Imunizante aumenta a capacidade das células de defesa de identificar e eliminar células cancerígenas associadas ao vírus
Uma possível vacina feita a partir de fragmentos modificados do papilomavírus humano (HPV) se mostrou eficaz no combate a células tumorais, segundo pesquisa da Universidade Northwestern, nos Estados Unidos, publicada na revista Science Advances em fevereiro. Nos testes, o imunizante aumentou em até oito vezes a capacidade das células de defesa de reconhecer e eliminar células cancerígenas.
Diferente das vacinas preventivas contra o HPV, este estudo trata de uma vacina terapêutica voltada para pessoas que já convivem com tumores originados pelo vírus. O imunizante contém um fragmento da proteína viral presente nas células tumorais, ativando o sistema imunológico para atacar especificamente essas células.

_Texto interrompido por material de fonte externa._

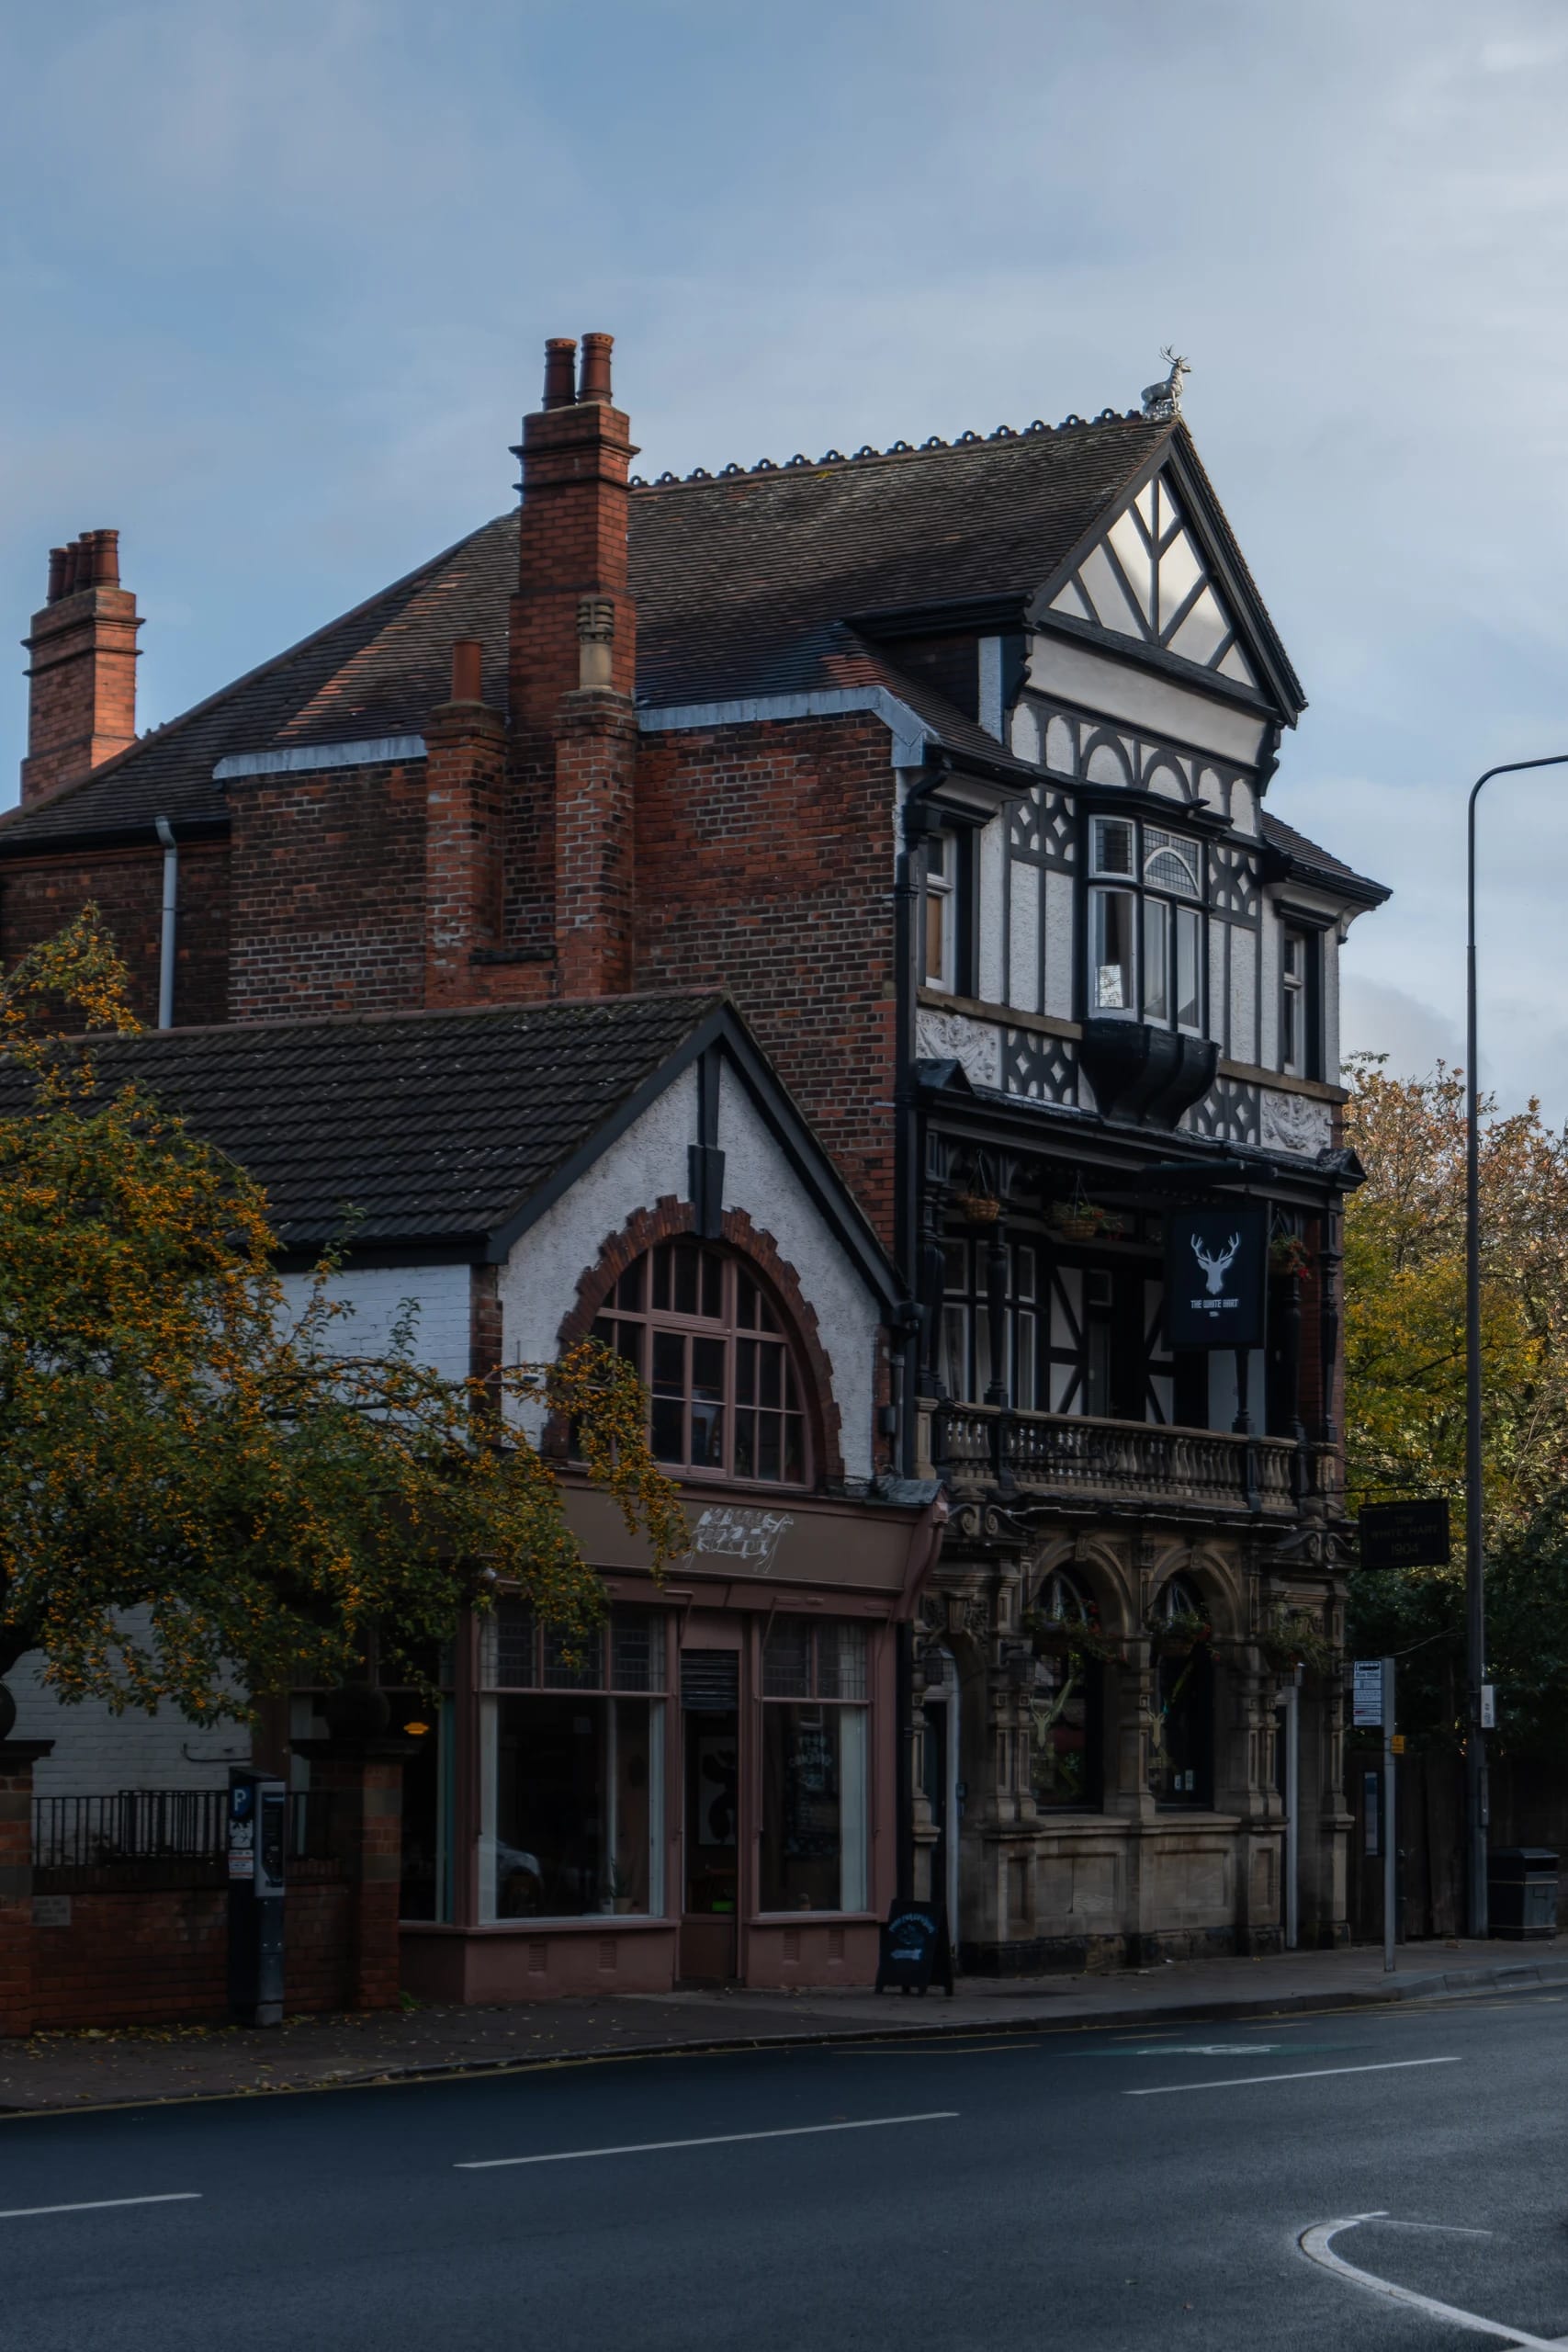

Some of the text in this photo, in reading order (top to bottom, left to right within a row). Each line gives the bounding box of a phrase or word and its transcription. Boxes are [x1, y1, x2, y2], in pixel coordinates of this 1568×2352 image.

[1190, 1300, 1202, 1308] THE
[1371, 1524, 1438, 1540] WHITE HART
[1392, 1543, 1418, 1556] 1904
[234, 1789, 246, 1812] P
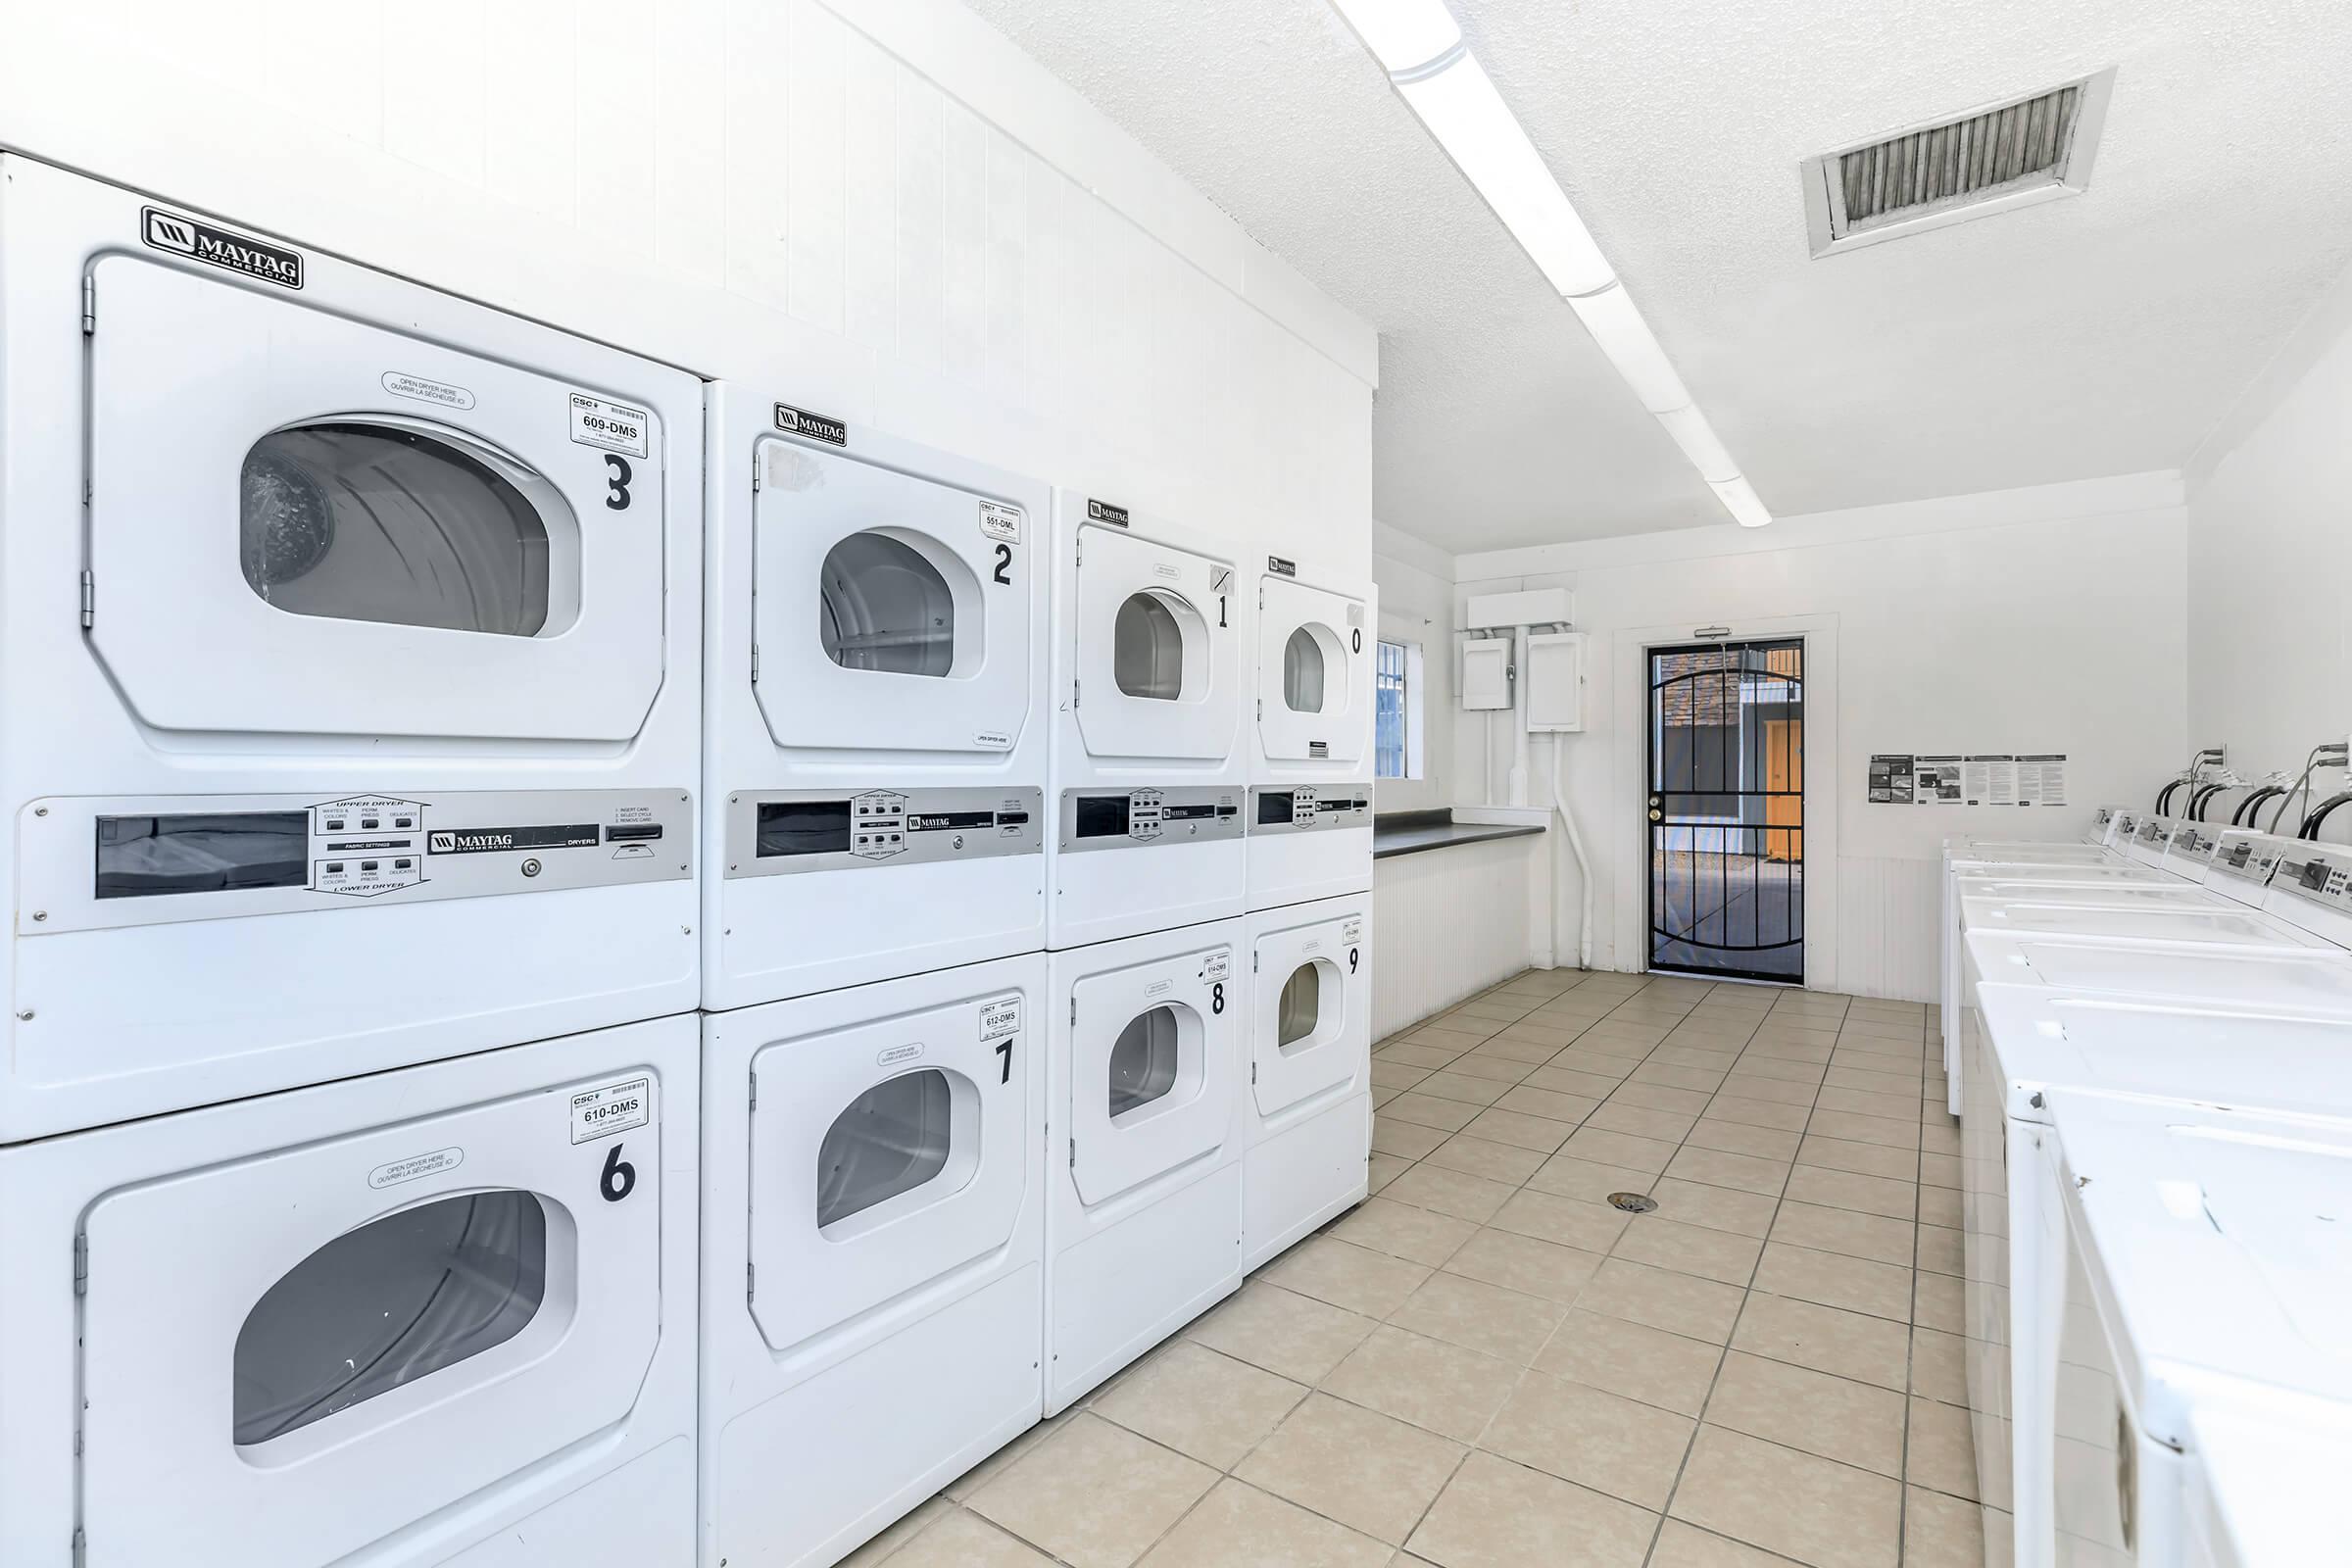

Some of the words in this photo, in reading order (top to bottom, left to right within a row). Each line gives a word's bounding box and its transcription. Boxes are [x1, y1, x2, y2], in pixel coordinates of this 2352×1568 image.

[198, 234, 297, 278] MAYTAG
[198, 250, 296, 284] COMMERCIAL
[400, 377, 417, 388] OPEN
[418, 382, 440, 393] DRYER
[572, 397, 593, 408] CSC
[583, 415, 638, 439] 609-DMS
[799, 416, 844, 439] MAYTAG
[604, 453, 632, 511] 3
[986, 515, 1015, 531] 551-DML
[1102, 507, 1128, 523] MAYTAG
[993, 543, 1012, 586] 2
[1219, 595, 1228, 628] 1
[1351, 627, 1361, 655] 0
[920, 817, 950, 828] MAYTAG
[457, 834, 513, 848] MAYTAG
[567, 837, 597, 846] DRYERS
[333, 883, 370, 893] LOWER
[1348, 947, 1359, 975] 9
[1212, 982, 1225, 1015] 8
[986, 1011, 1016, 1026] 612-DMS
[995, 1037, 1013, 1086] 7
[573, 1094, 594, 1105] CSC
[584, 1099, 639, 1122] 610-DMS
[599, 1142, 636, 1202] 6
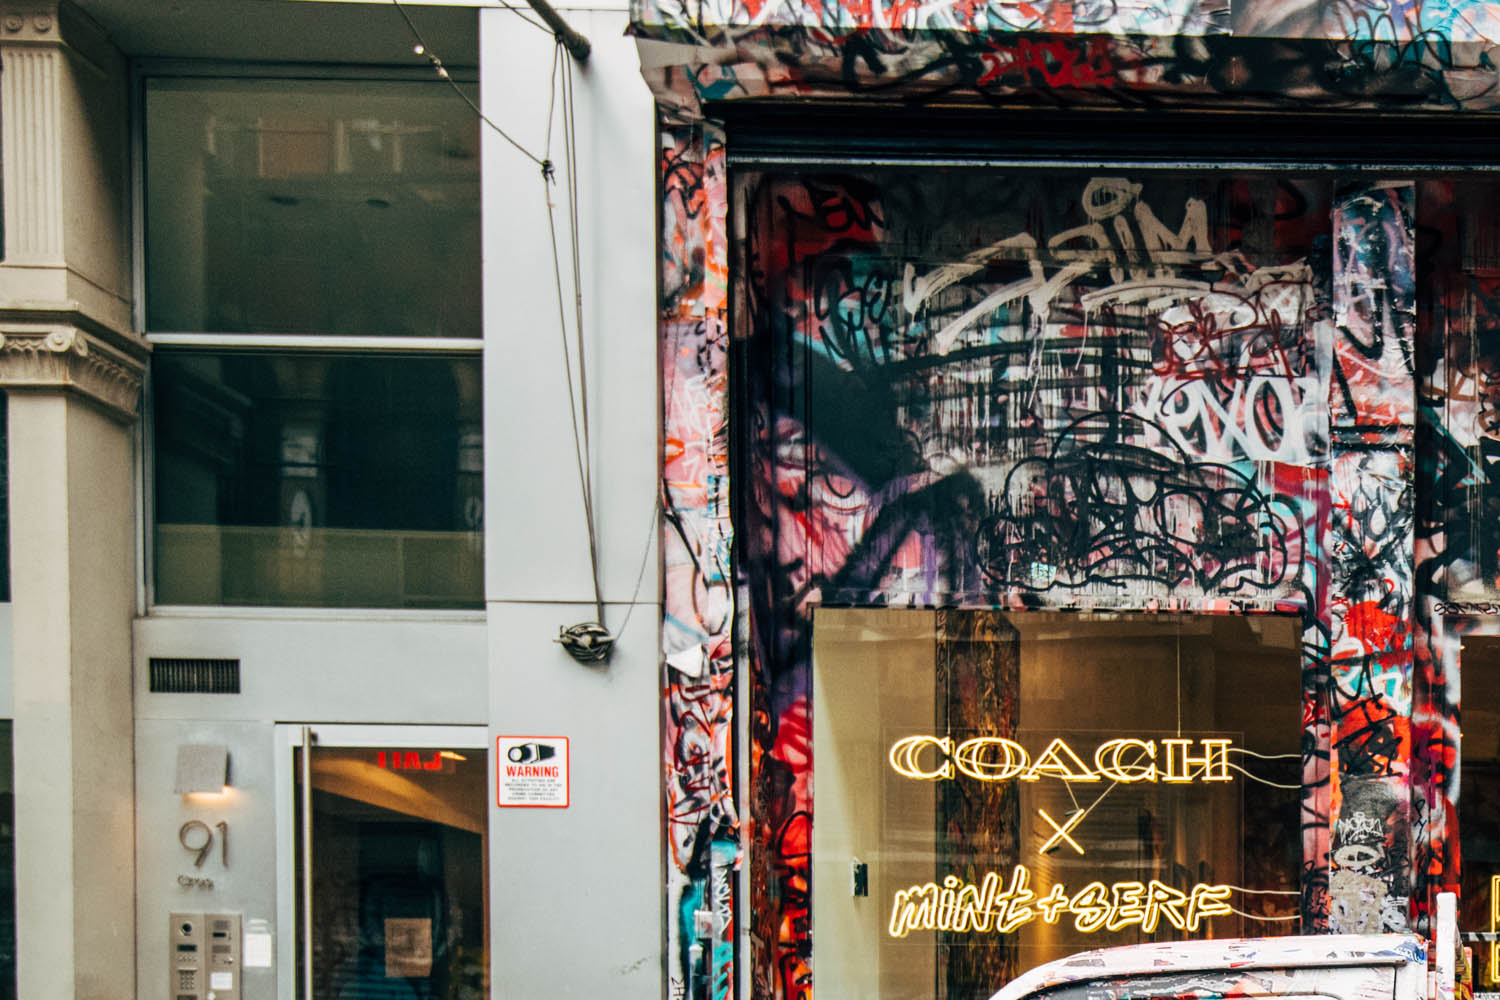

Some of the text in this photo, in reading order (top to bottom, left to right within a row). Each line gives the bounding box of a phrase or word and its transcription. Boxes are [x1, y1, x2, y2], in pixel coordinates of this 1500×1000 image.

[505, 765, 559, 778] WARNING
[888, 734, 1234, 784] COACH
[179, 820, 229, 869] 91

O estudo (vacina N-HSNA) mostrou aumento da resposta imunológica tanto em testes com animais quanto em células humanas in vitro. Camundongos vacinados tiveram prolongamento da sobrevida e redução potencializada de tumores quando o tratamento foi combinado com imunoterapia.
Segundo especialistas, o produto é pensado para complementar tratamentos atuais, como radioterapia e quimioterapia, ajudando a melhorar a resposta antitumoral do organismo. Apesar dos resultados promissores, os pesquisadores destacam que ainda são necessários testes clínicos em humanos para validar eficácia e segurança.
Prevenção e informações importantes
O HPV é transmissível por contato com pele ou mucosa e mais de 200 tipos do vírus existem, sendo os tipos 16 e 18 os mais associados a cânceres, geralmente sem causar verrugas. Vacinas preventivas já disponíveis no Brasil protegem contra os tipos de HPV mais cancerígenos e estão indicadas para crianças, adolescentes, imunossuprimidos e vítimas de violência sexual, podendo ser aplicadas tanto na rede pública quanto privada.